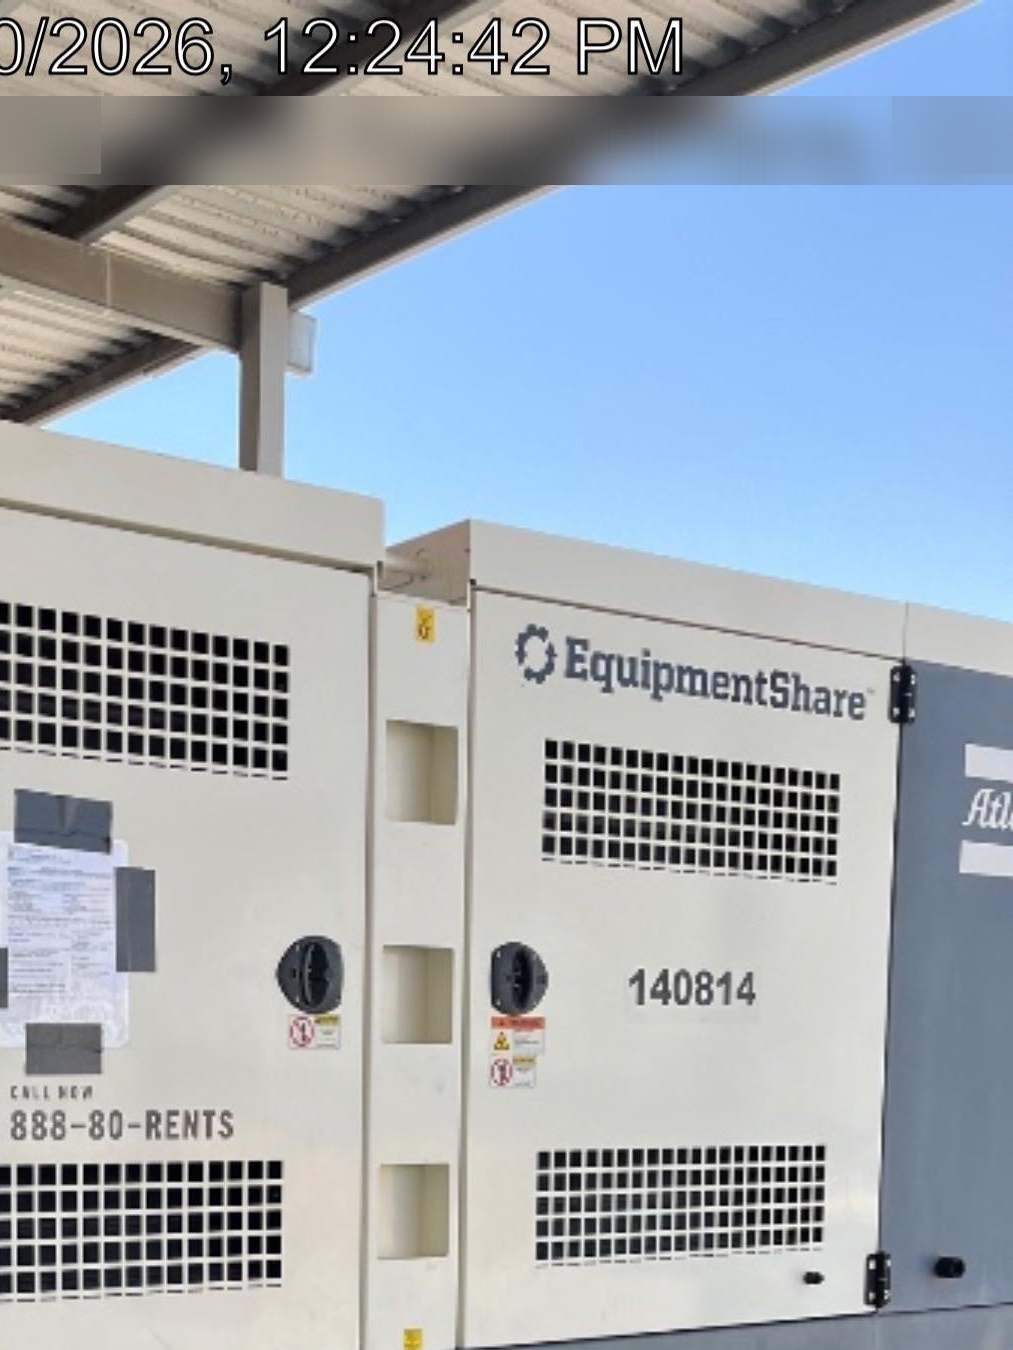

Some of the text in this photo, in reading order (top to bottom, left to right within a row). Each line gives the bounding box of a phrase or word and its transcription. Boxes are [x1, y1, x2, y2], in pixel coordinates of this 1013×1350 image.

[565, 636, 868, 721] EquipmentShare
[961, 787, 1013, 832] Atl
[628, 967, 757, 1006] 140814
[9, 1108, 235, 1141] 888-80-RENTS
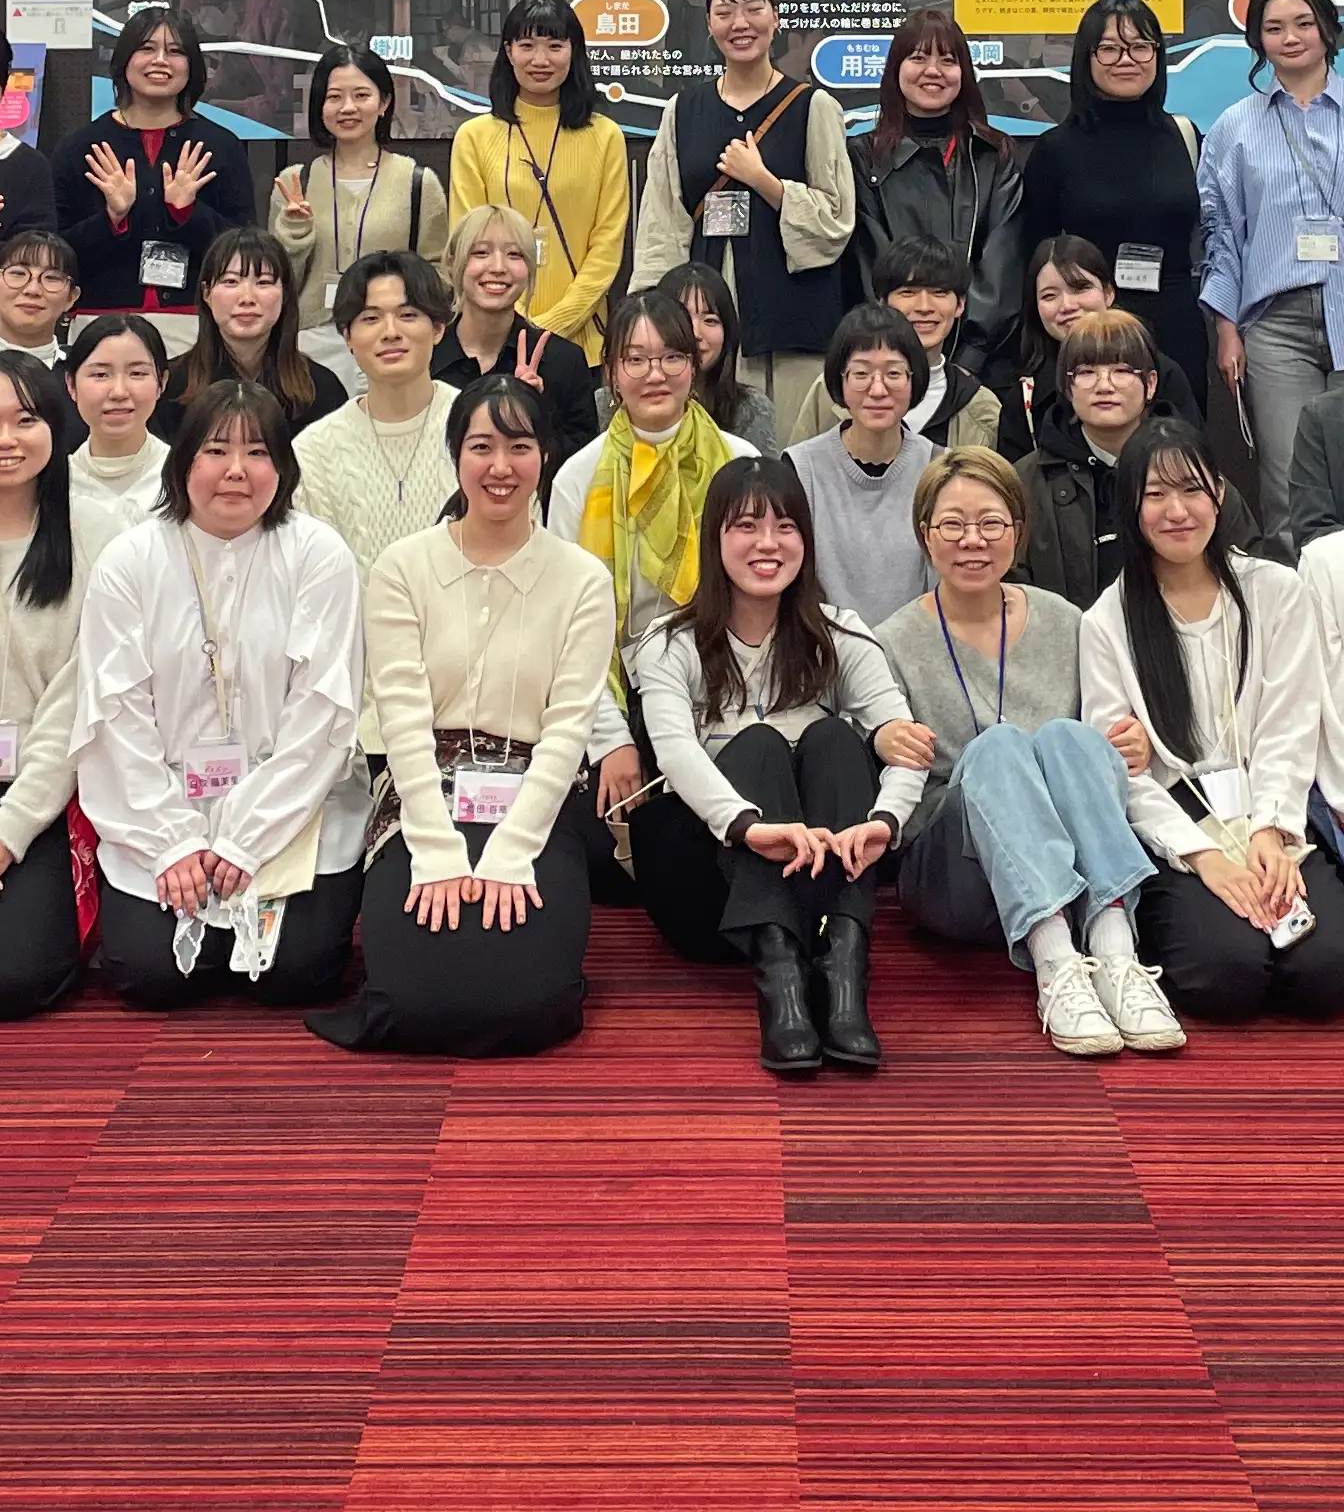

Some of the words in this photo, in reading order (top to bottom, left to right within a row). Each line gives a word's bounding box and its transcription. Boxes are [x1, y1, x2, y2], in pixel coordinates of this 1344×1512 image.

[Exercise goal] Copy each line above exactly, with no images.

[Response area]
Some of the text in this photo, in reading order (top to bottom, left to right within a row). Each line gives the bounding box of a phrase or word and its transcription. Boxes are [x1, y1, x2, y2], in pixel coordinates of this 1013×1350 image.

[565, 636, 868, 721] EquipmentShare
[961, 787, 1013, 832] Atl
[628, 967, 757, 1006] 140814
[9, 1108, 235, 1141] 888-80-RENTS

Some of the words in this photo, in reading order (top to bottom, left to right within a row). Each line gives a word's bounding box and its transcription. Boxes are [x1, y1, x2, y2], in pixel coordinates of this 1344×1512 image.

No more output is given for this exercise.